Fork me on GitHub

Graphite checks are a lightweight way of monitoring data that is already being fed into your Graphite system for analysis, debugging and optimisation. Cabot makes it possible to alert on that data.

Getting started

To add a new check:

Click New ▾ and then Graphite check.

  • The only complex form field is the Metric field.
    • This autocompletes based on your Graphite server’s key namespace, but because that namespace gets very messy it can be hard to find the right key.
      • Autocomplete in action
    • You can also use more complex expressions, such as avg(series.*.value) or sum(host1.value,host2.value)
    • As you type, Cabot will attempt to validate your expression against the server and will show a preview of the raw data feed:
      • Graphite metric preview
  • Check type is the operator that you want to use to test the Graphite data series. Currently Cabot supports the obvious ones (Equals, Greater than, Greater than or equal, Less than, Less than or equal)
  • Value is the threshold that you want to compare the metric to. You can imagine this as a horizontal line on the preview graph.

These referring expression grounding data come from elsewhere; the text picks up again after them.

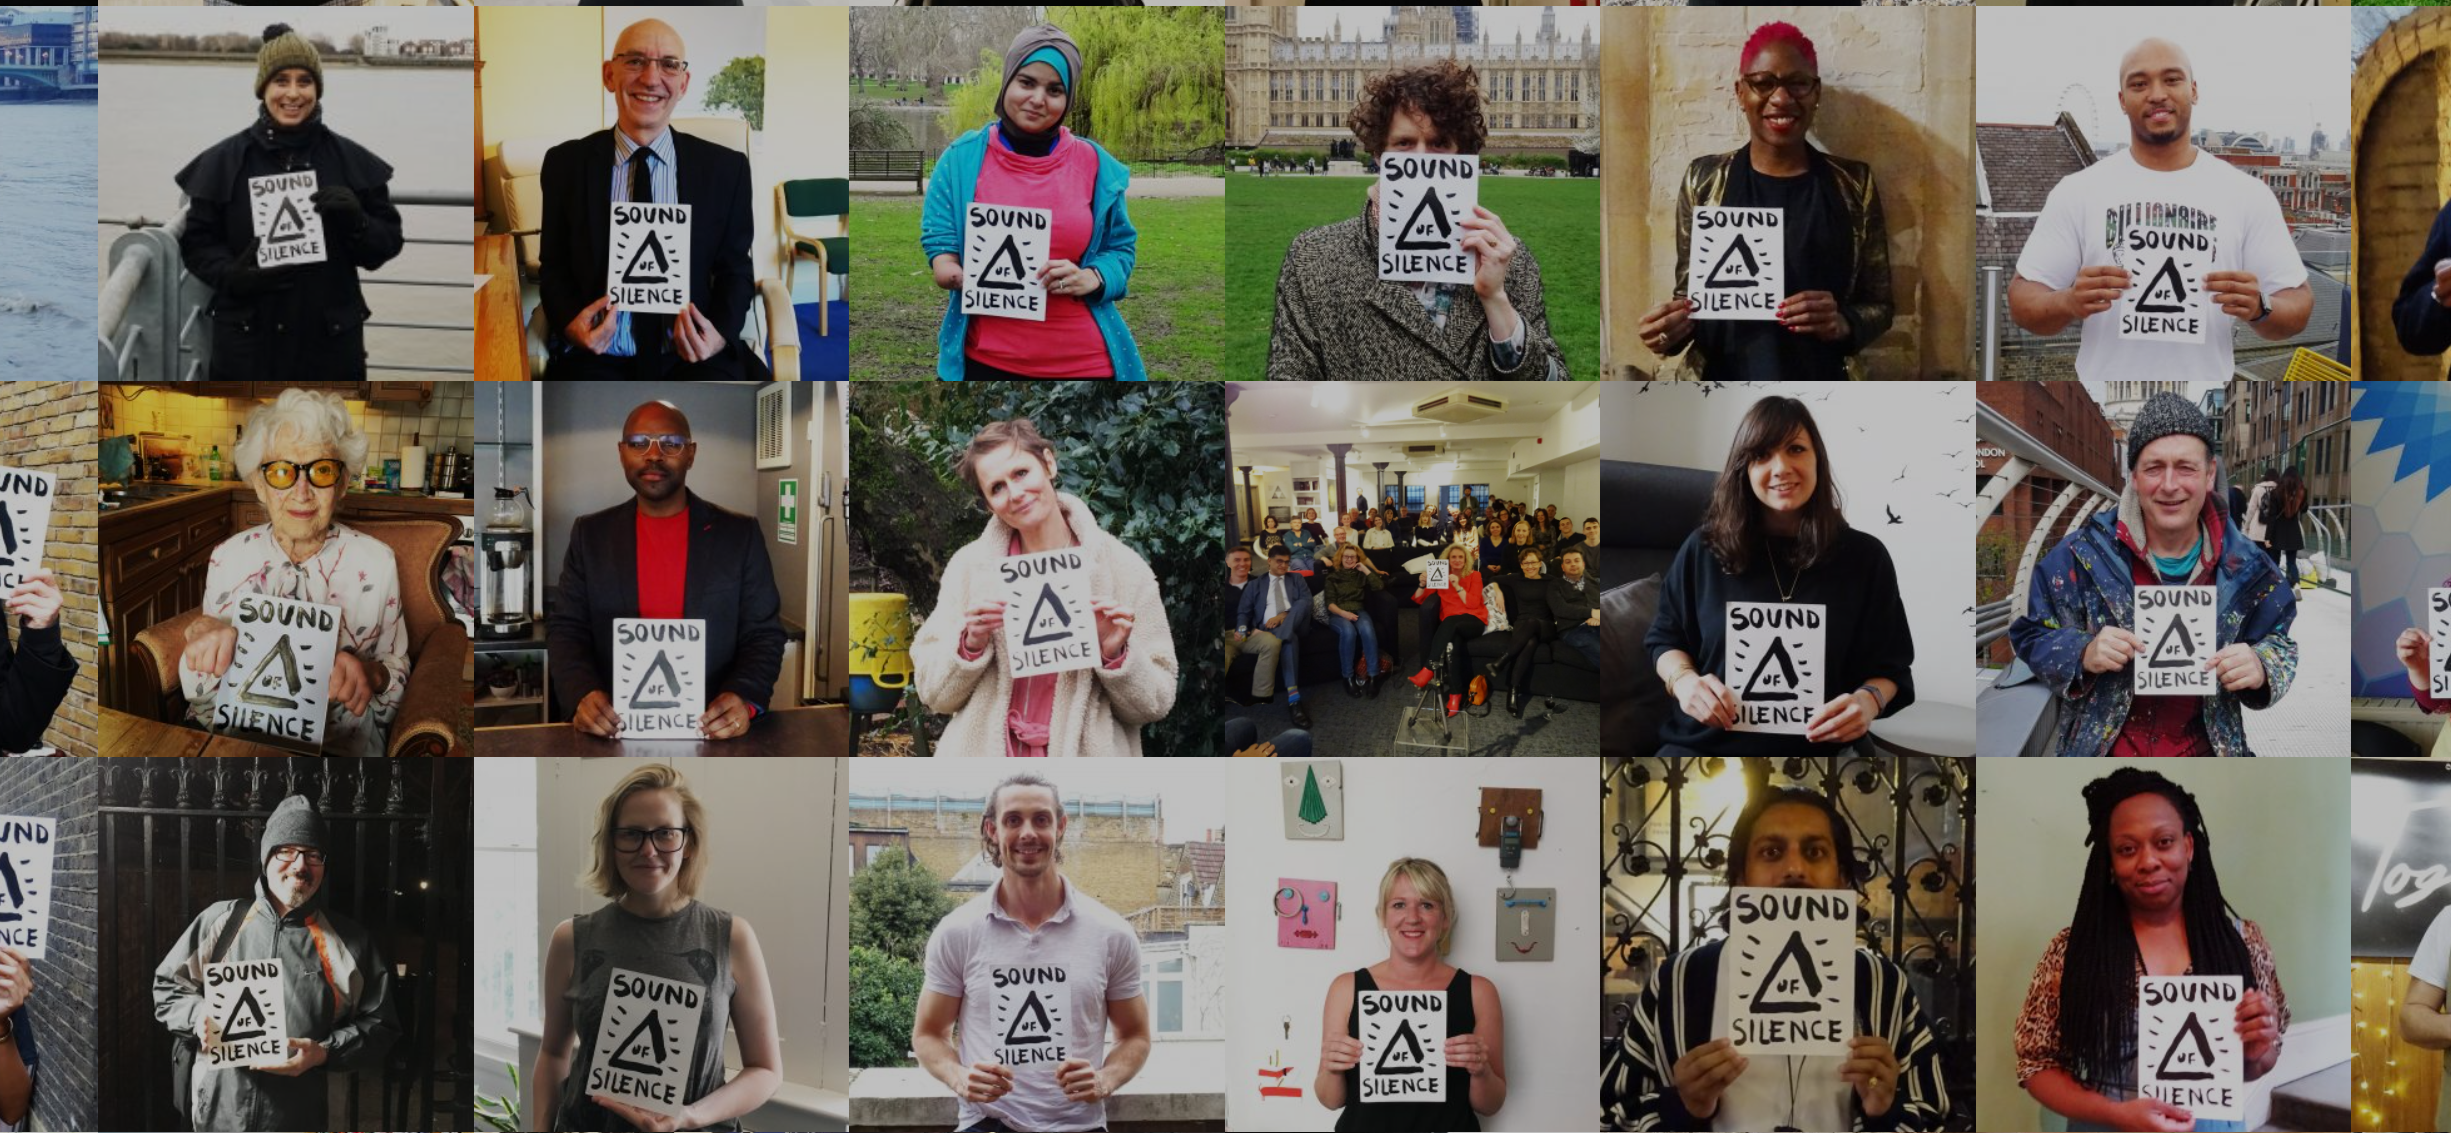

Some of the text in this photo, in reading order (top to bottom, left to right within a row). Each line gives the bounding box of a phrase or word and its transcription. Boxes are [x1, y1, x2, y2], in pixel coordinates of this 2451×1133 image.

[1384, 158, 1473, 181] SOUND
[252, 178, 312, 196] SOUND
[614, 206, 686, 226] SOUND
[970, 207, 1046, 230] SOUND
[1697, 211, 1778, 230] SOUND
[2129, 230, 2208, 251] SOUND
[260, 241, 320, 262] SILENCE
[1382, 253, 1467, 274] SILENCE
[610, 287, 682, 306] SILENCE
[965, 291, 1038, 311] SILENCE
[1691, 292, 1775, 312] SILENCE
[2123, 316, 2198, 334] SILENCE
[1976, 448, 2006, 457] NDON
[1000, 554, 1081, 583] SOUND
[2138, 590, 2212, 610] SOUND
[239, 601, 333, 633] SOUND
[1730, 607, 1820, 631] SOUND
[617, 623, 700, 645] SOUND
[1013, 642, 1090, 671] SILENCE
[2138, 671, 2208, 689] SILENCE
[217, 704, 315, 742] SILENCE
[1736, 894, 1849, 924] SOUND
[207, 963, 278, 987] SOUND
[993, 967, 1066, 988] SOUND
[613, 974, 698, 1009] SOUND
[2143, 981, 2237, 1006] SOUND
[1362, 994, 1442, 1016] SOUND
[1733, 1018, 1842, 1046] SILENCE
[210, 1040, 280, 1065] SILENCE
[994, 1047, 1065, 1066] SILENCE
[590, 1068, 675, 1106] SILENCE
[1363, 1078, 1438, 1097] SILENCE

A Graphite check will fail if any datapoint in the Metric would cause the expression [Metric] [Check type] [Value] to be true.

For example, if you want to alert when your series hosts.production.*.disk.sda.disk_ops.read spikes above 1.0, you would input:

Metric: hosts.production.disk.sda.disk_ops.read
Check type: Greater than
Value: 1.0

Other options

  • Importance - if this check fails, the service it relates to will have this status.
  • Expected num hosts - sometimes you want to be sure that a metric is in fact being collected properly (collectd often seems to crash, etc). Setting this will cause the check to fail if Cabot detects that fewer than this number of hosts are sending metrics to Graphite for this key expression.
  • Expected num metrics - similar to Expected num hosts, but it sets the number of metrics that should fulfil the check criteria in order for the check to pass. For example, if you have 3 metrics in graphite and set this value to 3, your check criteria is >1 and one of metrics becomes 0 you will get an alert
  • Debounce - prevent alerts when a single point (or multiple points) in the data series exceeds the value set. This prevents interruptions by metrics which quickly return to normal.
    • A value of 2 means that no alert will be issued if the check fails twice in a row and then succeeds.

All other settings should be self-explanatory.

Why Graphite?

Arachnys originally created Cabot to solve a specific problem: how to use the same metrics from metric collection and visualisation system Graphite that we use for eyeball debugging and monitoring as input for an alerting system?

Graphite still serves as our core source of alert data.

Do I need to use Graphite to use Cabot?

Cabot’s other functionality, including HTTP monitoring, Jenkins job monitoring and alerts, will still work if you don’t use Graphite.

If you use a different service (Ganglia, etc) and would like it to be included, please open an issue on GitHub.

Set up Graphite instance

If you don’t already use Graphite, it’s not difficult to install and provision. There are various scripts on GitHub - caveat utilitor:

  • https://github.com/dmichel1/ansible-graphite
  • https://forge.puppetlabs.com/dwerder/graphite

You get the idea.

There is also at least one provider of SaaS Graphite/statsd hosting: https://www.hostedgraphite.com/. We can’t vouch for them but it looks like an easy way of having a dabble.